This all comes to a head in this thirteenth chapter in which Paul shows them a far more excellent way than the way they were currently living as a local church. It is the way of love.

German Theologian Adolf von Harnack described this chapter as “the greatest, strongest, deepest thing Paul ever wrote.” Whether or not one agrees, most agree that this is one of the most referenced biblical chapters of in the church and the wider world. Many wedding ceremonies have alluded to this, and I suppose many love songs as well. In fact, it is a kind of love poem.

We will begin studying this powerful chapter under three headings.

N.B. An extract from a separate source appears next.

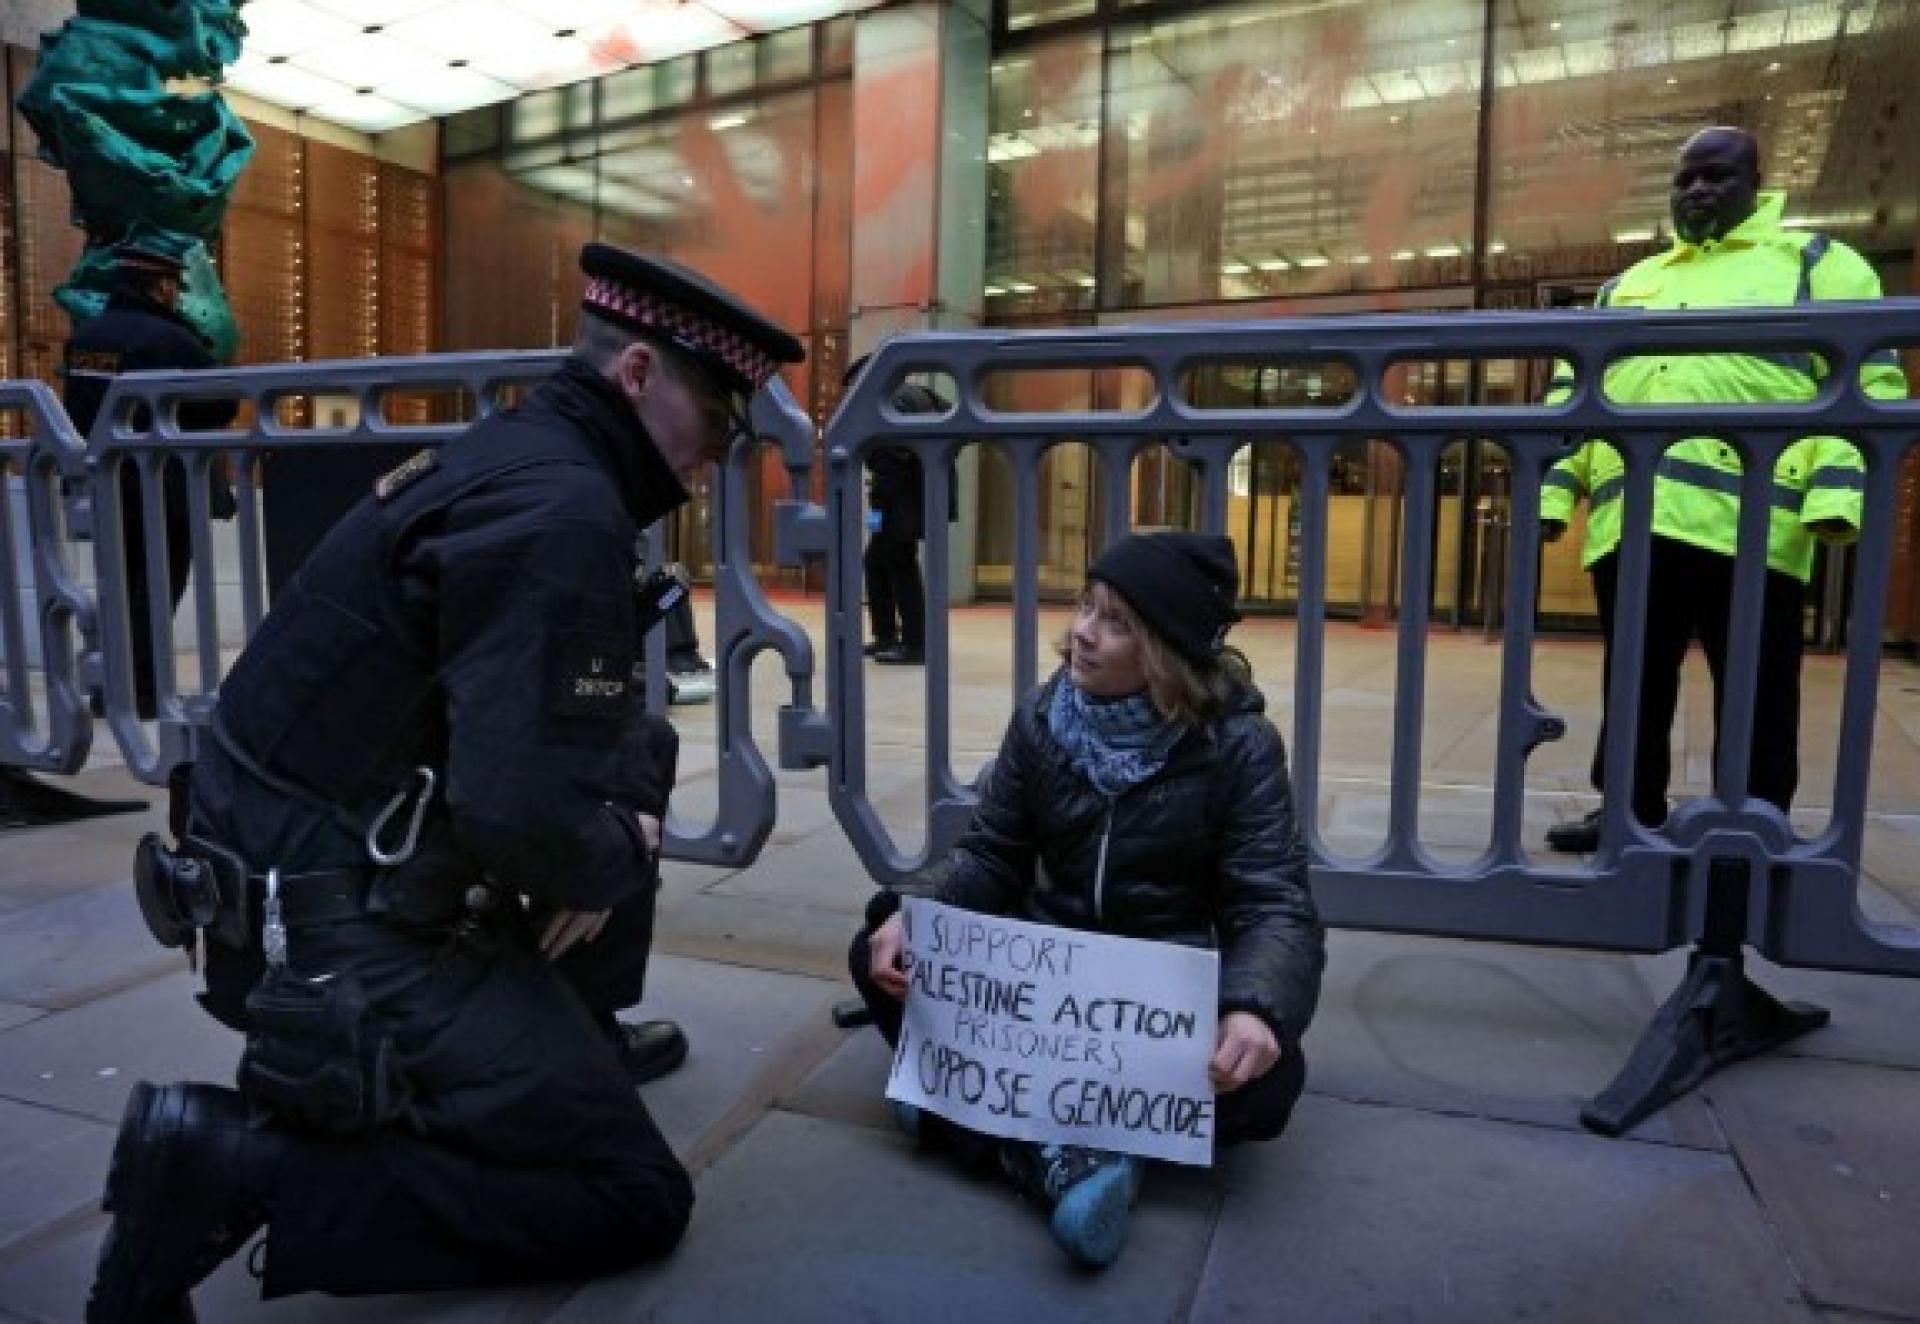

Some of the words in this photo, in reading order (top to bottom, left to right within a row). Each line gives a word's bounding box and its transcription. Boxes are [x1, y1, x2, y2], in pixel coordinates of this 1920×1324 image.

  1. The Priority of Love (vv. 1–3)
  2. The Personification of Love (vv. 4–7)
  3. The Permanence of Love (v. 8a)

The Priority of Love

We first observe the priority of love:

If I speak in the tongues of men and of angels, but have not love, I am a noisy gong or a clanging cymbal. And if I have prophetic powers, and understand all mysteries and all knowledge, and if I have all faith, so as to remove mountains, but have not love, I am nothing.  If I give away all I have, and if I deliver up my body to be burned, but have not love, I gain nothing.
1 Corinthians 13:1–3

This chapter is appropriate for a wedding because it describes the expected character of the bride of Jesus Christ, the church. But if you are looking for cosy, cushy, mushy sentimentality, don’t look here. This passage is a sobering and searching diagnostic revealing the reality and/or health of our profession of faith. To appreciate this, we need to examine the context.

The Context

The historical context was a local church whose corporate gatherings were anything but edifying. Like the best-selling book, Bowling Alone, many of the members of the church at Corinth were guilty of selfish individualism pursuing what they could get, rather than what they could give. This was apparent in many ways, including the use of spiritual gifts, the gift of tongues apparently being the gift most in-demand and certainly the most desired (see 12:27–30; chapter 14). But Paul here points them to “a more excellent way.” Literally, a hyperbolic way.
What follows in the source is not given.